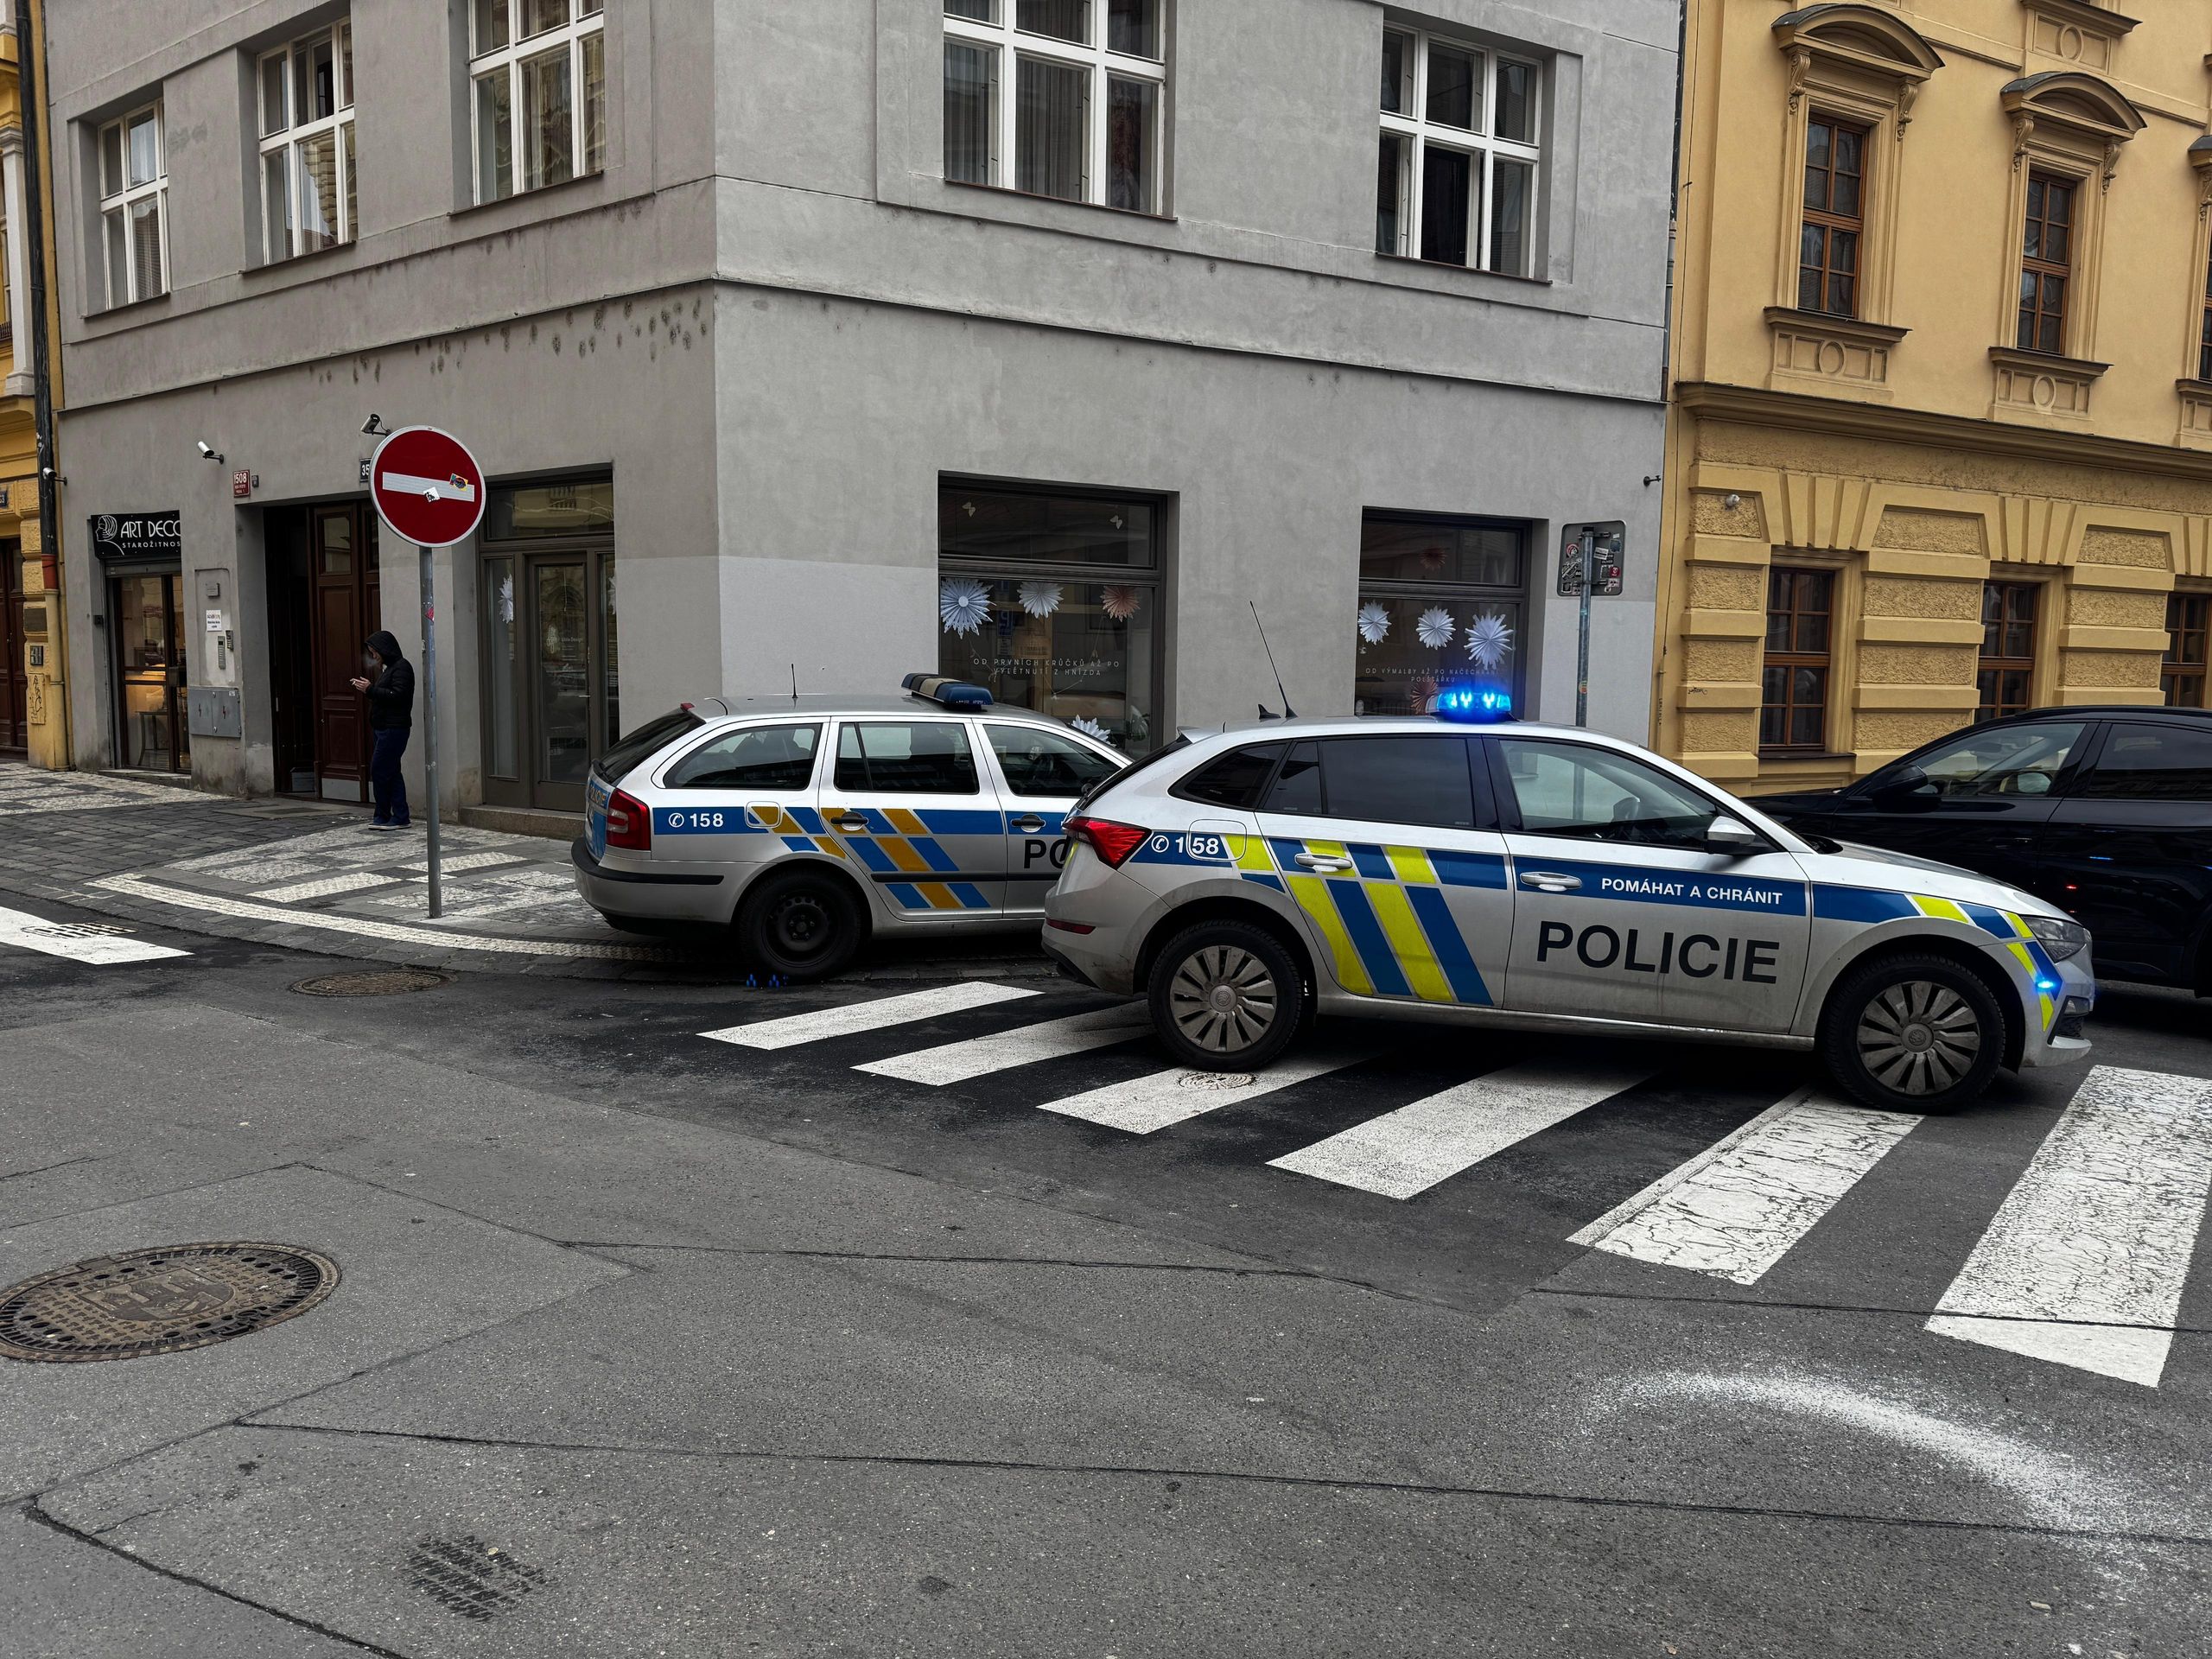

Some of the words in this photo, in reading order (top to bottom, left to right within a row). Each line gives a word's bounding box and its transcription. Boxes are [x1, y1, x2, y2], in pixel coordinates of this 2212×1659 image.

[121, 520, 143, 537] ART
[994, 658, 1039, 666] PRVNÍCH
[1045, 658, 1084, 667] KRŮČKŮ
[690, 812, 724, 828] 158
[1175, 836, 1219, 855] 158
[1601, 877, 1684, 897] POMÁHAT
[1689, 886, 1701, 899] A
[1707, 887, 1783, 905] CHRÁNIT
[1536, 920, 1780, 984] POLICIE

※

When you return the listing, keep it exact and omit any pictures it holds.

Some of the words in this photo, in reading order (top to bottom, left to right within a row). Each line gives a word's bounding box and its transcription. Boxes are [x1, y1, x2, y2], in pixel coordinates of this 2212×1659 image.

[121, 520, 143, 537] ART
[994, 658, 1039, 666] PRVNÍCH
[1045, 658, 1084, 667] KRŮČKŮ
[690, 812, 724, 828] 158
[1175, 836, 1219, 855] 158
[1601, 877, 1684, 897] POMÁHAT
[1689, 886, 1701, 899] A
[1707, 887, 1783, 905] CHRÁNIT
[1536, 920, 1780, 984] POLICIE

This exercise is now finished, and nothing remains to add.